Der Sonntag, 17. März 2013

„Mein Wissen hat sich von dem Glauben, der dem Zürcher Appell zugrunde liegt, weltanschaulich distanziert“. Mit diesen Worten wischt der Rektor der Universität Basel, Antonio Loprieno, die Kritik der Unterzeichner des Zürcher Appells vom Tisch. Die Unterzeichner dieses Appells wehren sich gegen die Käuflichkeit (beschönigend: „Sponsoring“) von Bildung durch Pharma, UBS, Atomindustrie etc. (vgl. den heutigen „Sonntag“, S. 47).
Die Öffentlichkeit könne eben nur noch einen Teil der Kosten des Bildungswesens tragen, so Loprieno. Deshalb brauche es das Geld der Wirtschaft. Dass man aber die öffentliche Hand zuerst kaputtsparen muss, bevor sie sich Bildung nicht mehr leisten kann, verschweigt Loprieno (steuerlich geschont werden Unternehmen, die sich mit den eingesparten Steuerfranken dann die Bildung, die sie gerne hätten, bei den Unis gleich selbst einkaufen können).

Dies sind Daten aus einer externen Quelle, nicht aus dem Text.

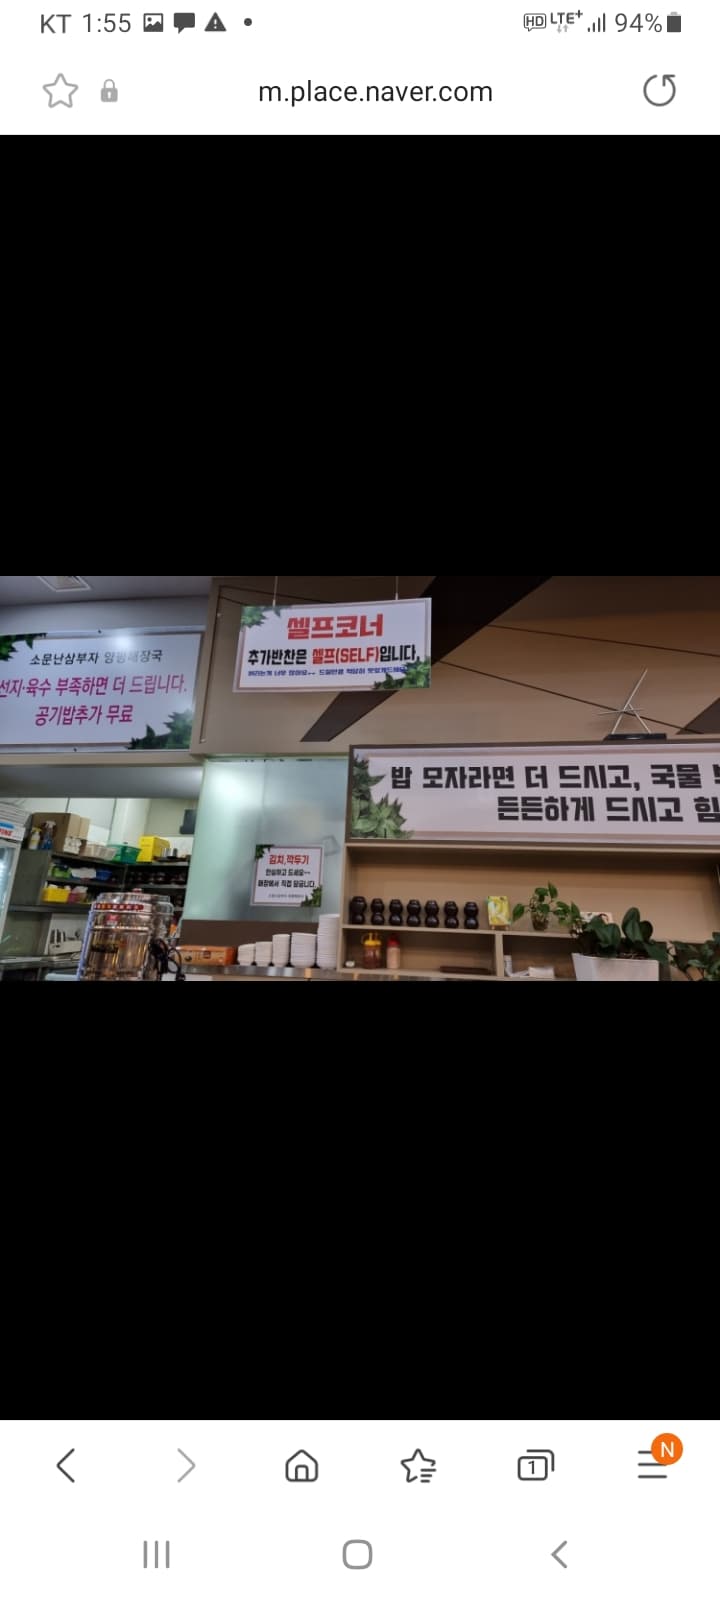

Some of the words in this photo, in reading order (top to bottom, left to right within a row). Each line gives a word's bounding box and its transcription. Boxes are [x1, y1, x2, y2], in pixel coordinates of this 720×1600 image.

Loprieno stellt sich über die Kritik, für die er 
„nostalgische Sympathie“ hege und die er "kulturhistorisch" verorte. Auf Deutsch heisst das: Die Unterzeichner der Zürcher Erklärung seien vorgestrige Idealisten ("Humboldtianer"), von deren Ideal ("Glauben") einer freien, nicht käuflichen Bildung er sich durch „Wissen“ distanziere. Nun - was ist das für ein „Wissen“, das Loprieno den "Gläubigen" voraus hat und ihn über sie erhebt? Ist es das „Wissen“, dass heute nun einmal die Vasellas und Gentinettas dieser Welt bestimmen, was an den Universitäten gelehrt wird und was nicht? An der Uni Basel seien rund 25 Professuren von Privaten „gesponsert“ (welche das sind, liegt im Dunkeln), so der Rektor. Wer bezahlt eigentlich seinen Posten?